IEGEBA   24053
INSTITUTO DE ECOLOGIA, GENETICA Y EVOLUCION DE BUENOS AIRES
Unidad Ejecutora - UE
congresos y reuniones científicas
Título:
The rural-urban gradient of house infestation with Triatoma infestans in an endemic municipality of the Argentine Chaco region
Autor/es:
GASPE, MARÍA S.; FERNANDEZ, MARÍA DEL PILAR; ENRIQUEZ, GUSTAVO; RODRÍGUEZ PLANES, LUCÍA INÉS; GÜRTLER, RICARDO E; CARDINAL, MARTA V.; MACCHIAVERNA, NATALIA
Lugar:
Baltimore
Reunión:
Encuentro; Sixty Sixth Annual Meeting; 2017
Institución organizadora:
ASTMH
Resumen:
The Gran Chaco ecoregion is one of the main hotspots of neglected tropical diseases in the Americas, including Chagas disease. The occurrence of the major vector Triatoma infestans has historically been linked to poor rural housing, but (peri)urban infestations have been increasingly reported over recent decades. We conducted a cross-sectional survey of house infestation with T. infestans in all rural, periurban and urban sections of Avia Terai, an endemic municipality in the Argentine Chaco, as part of a 3-year intervention program combining insecticide spraying with educational aspects and community mobilization. The district had been sprayed with pyrethroid insecticides by Chagas vector control technicians 2-5 years before our survey.
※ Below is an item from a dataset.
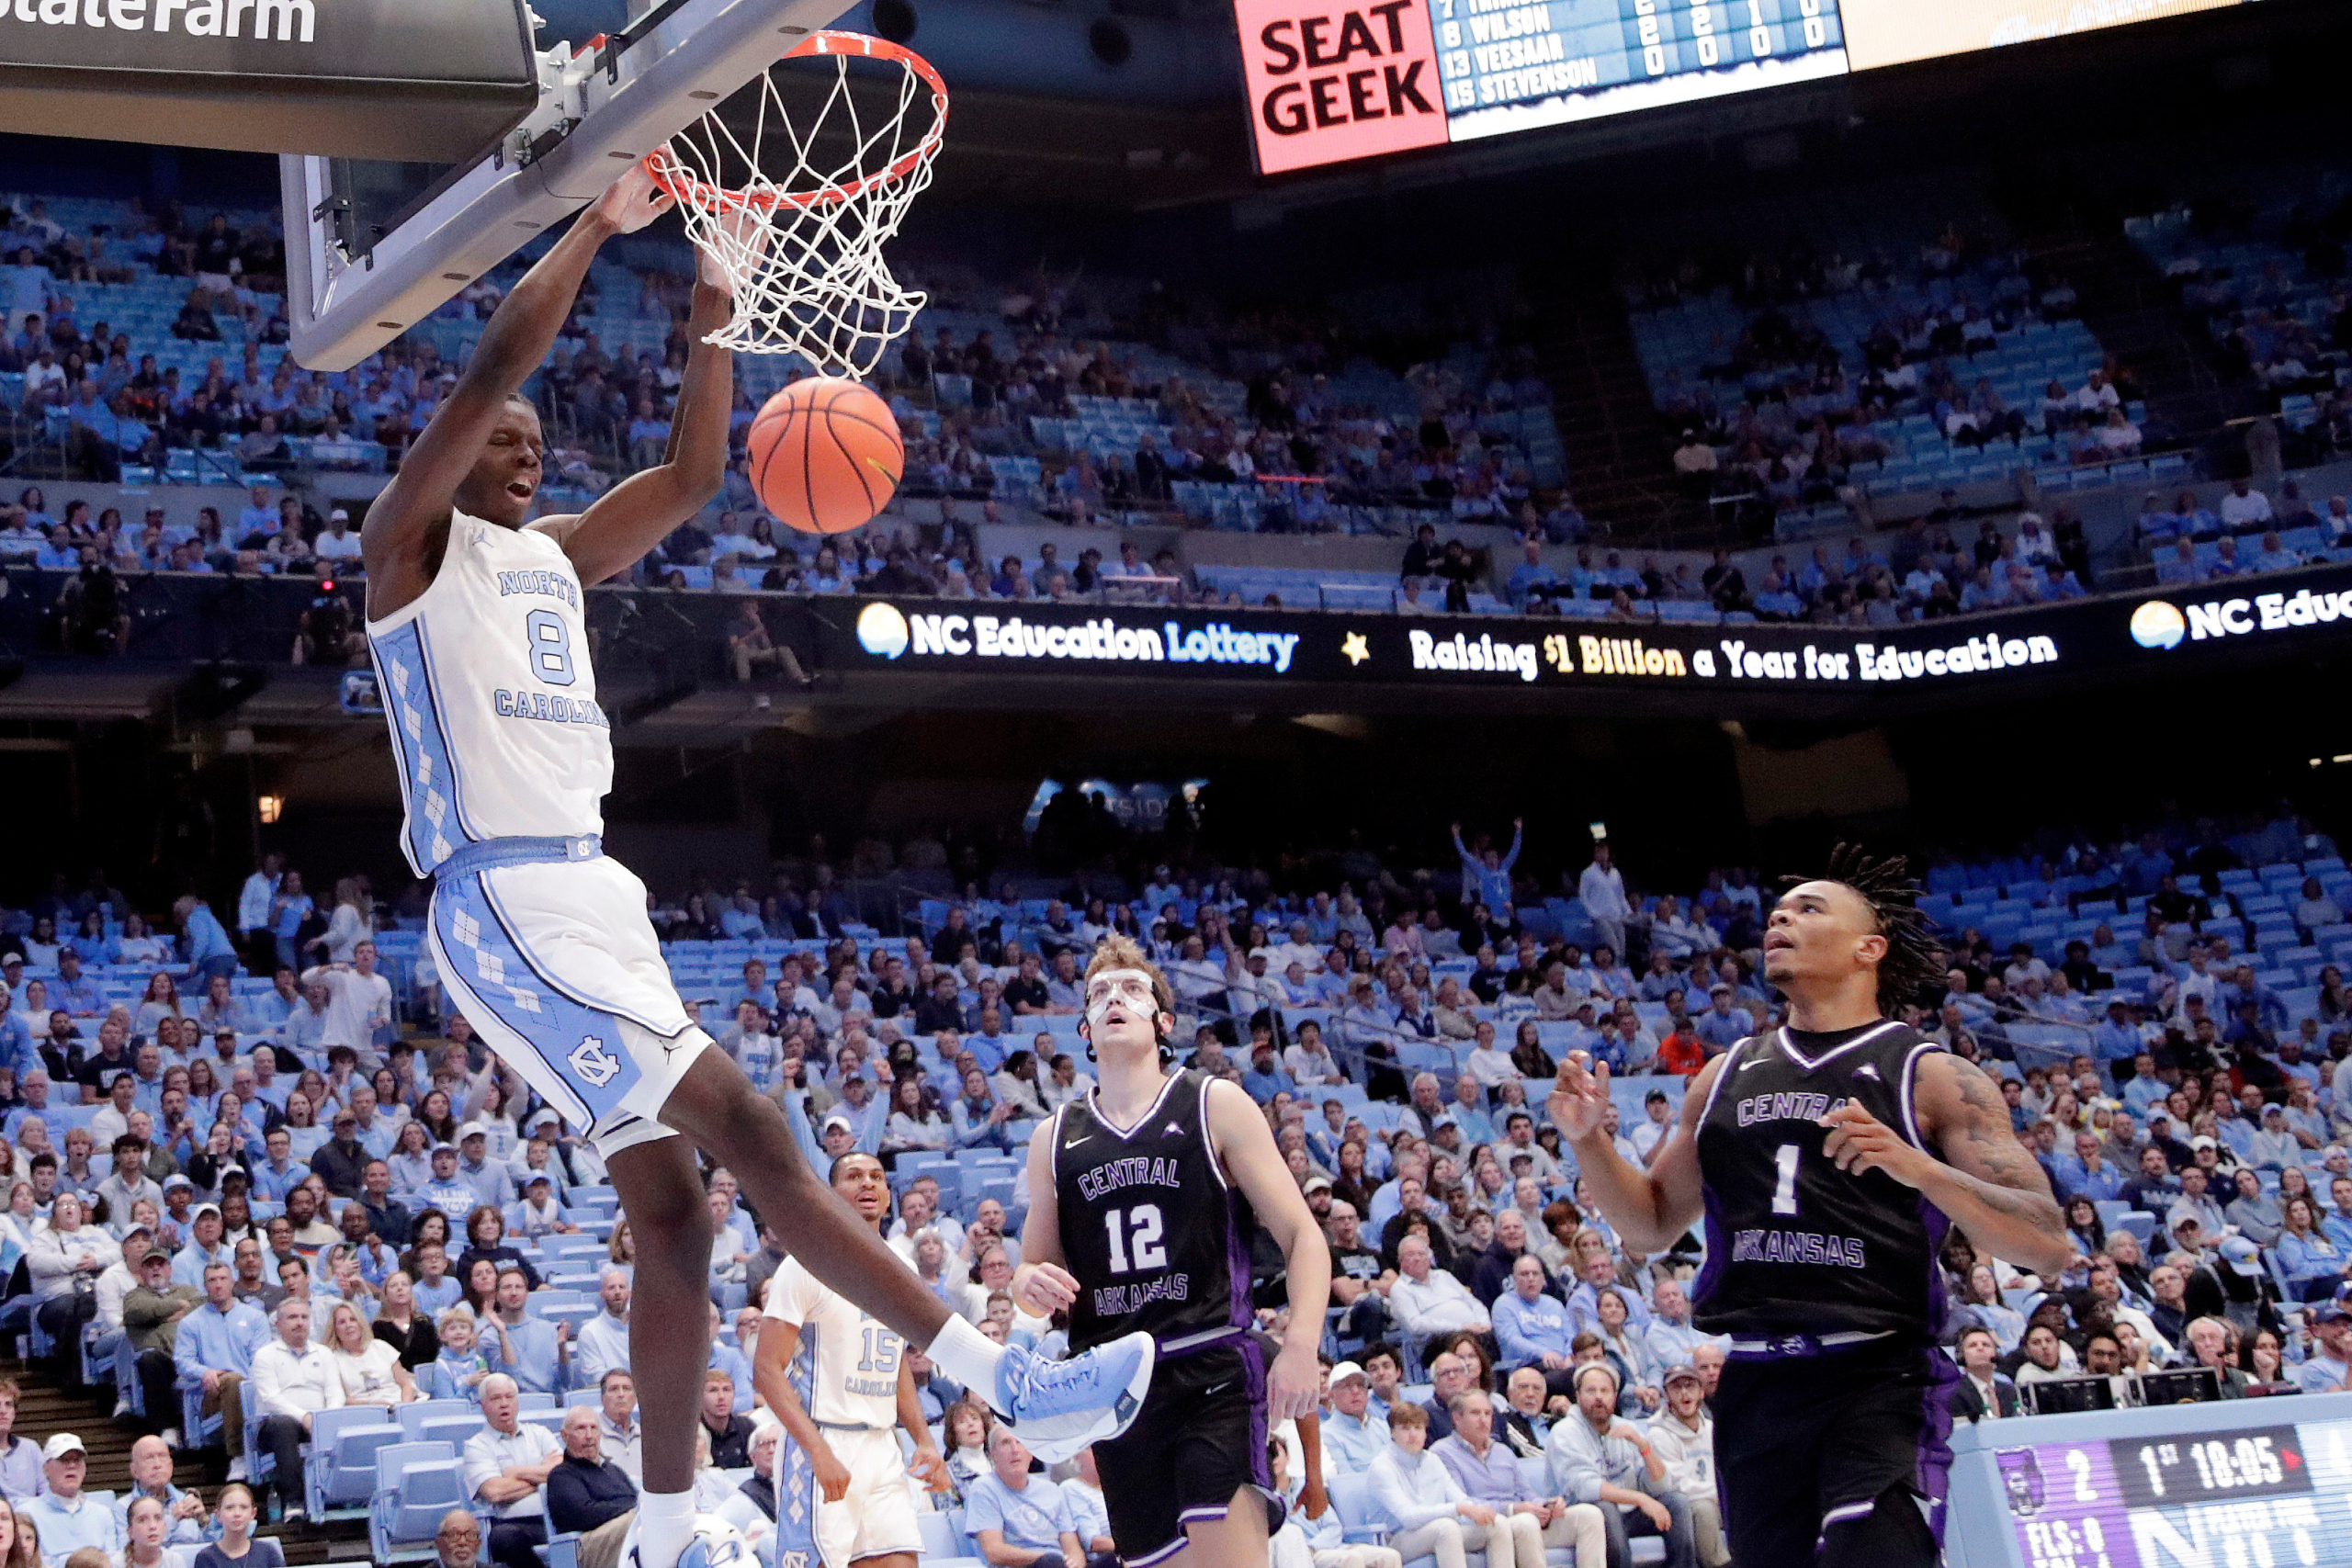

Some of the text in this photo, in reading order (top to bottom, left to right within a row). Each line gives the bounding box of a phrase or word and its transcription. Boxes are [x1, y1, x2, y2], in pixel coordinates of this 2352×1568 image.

The baseline prevalence of house infestation decreased along a rural-to-urban gradient ranging from 43% (among 275 rural houses inspected), 16% (367 periurban houses) to 14% (402 urban houses), as determined by manual searches with a dislodging aerosol conducted over October 2015-March 2016. Bug colonies were found in nearly all infested houses. Most infestations occurred in peridomestic structures housing chickens and other domestic animals. Domestic infestations displayed a similar rural-to-urban gradient from 9%, 4% to 2%. Urban foci were spread through the town, and periurban infestations largely differed among neighborhoods (range, 0-59%). The village-specific prevalence rates of house infestation recorded in rural areas before control interventions (2011-2013) and in 2015 were similar. These results attest the fast recovery of triatomine populations after traditional insecticide spraying campaigns that did not include sustained vector surveillance and control afterwards. The large indices of house infestation found in periurban and urban habitats of traditionally endemic regions reveal the need of revising current vector control practices in affected areas of the Gran Chaco.